JEREMY: I wanted to find out how the town got started. So I went to the local history room of the Calgary library. And there I dug through a bunch of newspaper clippings until I found it — or thought I found it.
Here’s the story that’s been circulating for a while. A couple of American real estate men bought farmland east of Calgary for a new subdivision. They called it Forest Lawn, naming it after a picturesque Hollywood cemetery. But they had a problem. People weren’t buying the lots because there weren’t transportation facilities in the area. And Forest Lawn was separated from Calgary by the escarpment and the Bow River.
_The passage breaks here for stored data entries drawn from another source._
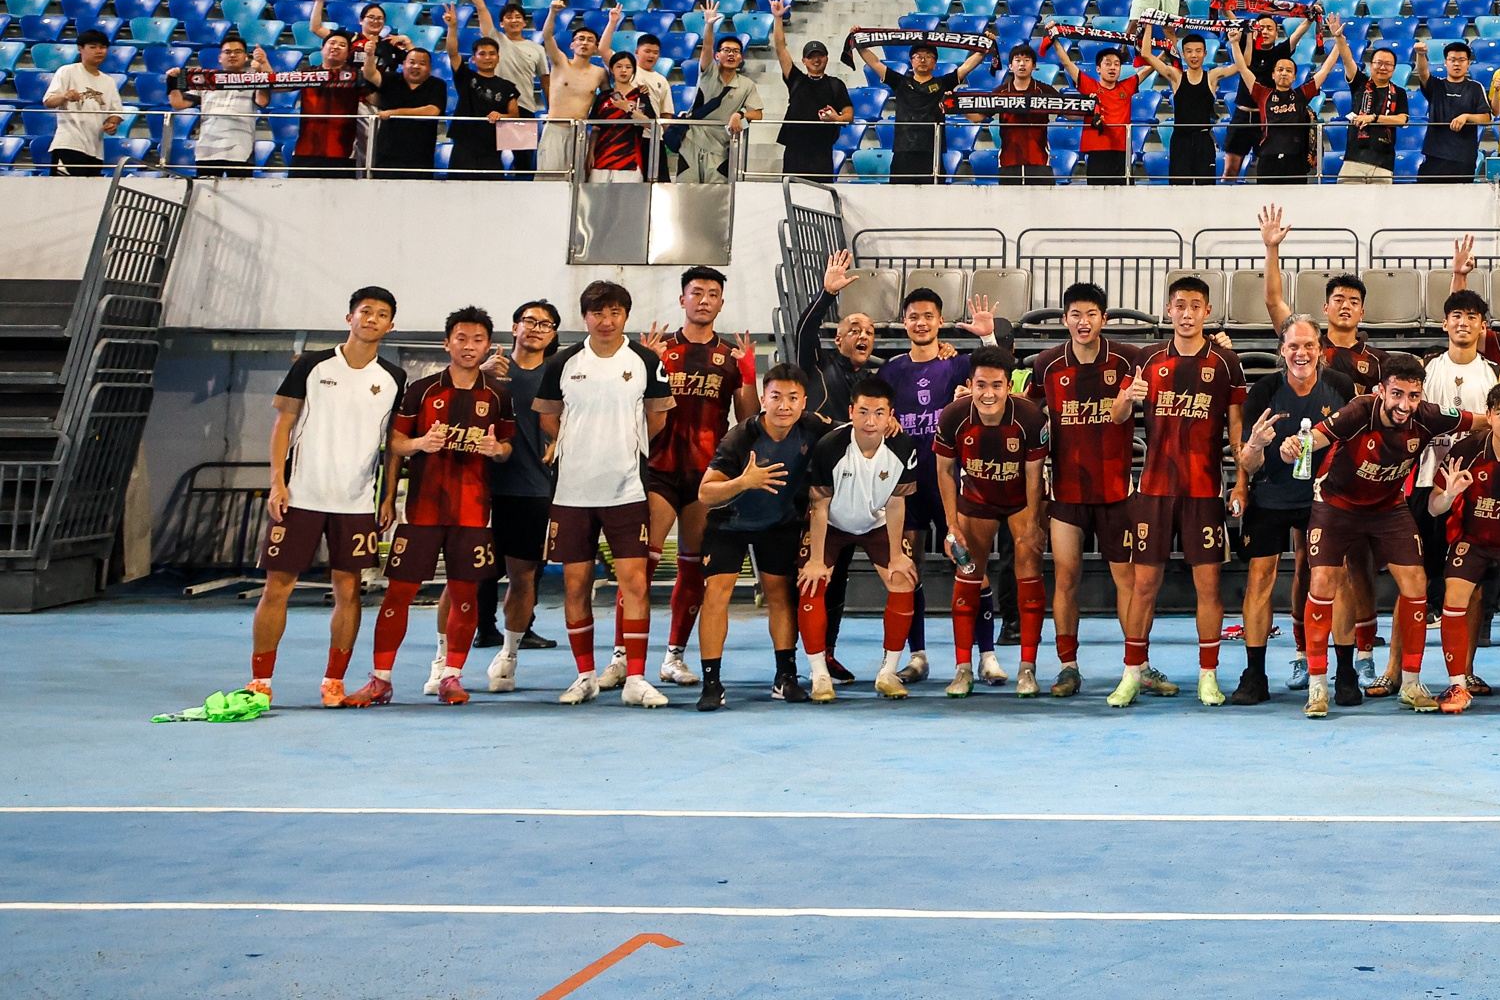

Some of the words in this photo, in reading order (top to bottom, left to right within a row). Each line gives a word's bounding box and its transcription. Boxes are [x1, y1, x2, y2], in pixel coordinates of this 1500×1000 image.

[854, 31, 923, 45] 吾心向陕
[927, 31, 995, 49] 联合无畏
[958, 96, 1026, 110] 吾心向陕
[1030, 96, 1096, 112] 联合无畏
[669, 370, 724, 390] 速力奥
[692, 389, 719, 398] AURA
[1157, 389, 1213, 410] 速力奥
[1060, 416, 1086, 426] SULI
[1087, 416, 1113, 425] AUR
[1155, 408, 1180, 417] SULI
[1180, 408, 1209, 420] AURA
[966, 457, 1020, 475] 速力奥
[1473, 510, 1500, 520] SULI
[351, 531, 378, 557] 20
[1202, 526, 1224, 549] 33
[472, 543, 495, 569] 35
So how do you sell these lots?
As the story goes, these real estate con men came up with a stroke of genius. They said a streetcar line is coming into the neighbourhood. And they went as far as to buy up hundreds of railroad ties and they laid them from the middle of Forest Lawn down to Calgary. Their ploy worked. People were excited about the streetcar and bought the lots. But then the swindlers disappeared — and there was no streetcar.
I thought that was the story — but it turns out it’s a bit of a tall tale.
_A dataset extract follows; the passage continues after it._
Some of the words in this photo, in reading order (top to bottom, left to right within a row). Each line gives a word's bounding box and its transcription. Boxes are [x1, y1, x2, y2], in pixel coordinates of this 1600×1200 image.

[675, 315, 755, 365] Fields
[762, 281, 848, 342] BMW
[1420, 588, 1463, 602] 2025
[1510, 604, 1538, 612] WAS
I thought I would double check by looking at old newspapers from 1910 and 1911. You can actually pull them up on Google’s newspaper archive. And I thought it would be cool to get one of those Forest Lawn advertisements from those days.
I couldn’t find one, but what I did find was advertisements for the Chestermere Calgary Suburban Railway Company. Calgary was about to undergo a streetcar boom — and this company planned to run rails from Calgary all the way out to Lake Chestermere.
And it wasn’t just the Forest Lawn real estate people who were using this to sell lots. A bunch of subdivisions east of Calgary were doing the same. For example, Hubalta. And that’s how you got your subdivision going in those days. If there was a streetcar coming, it would draw the people.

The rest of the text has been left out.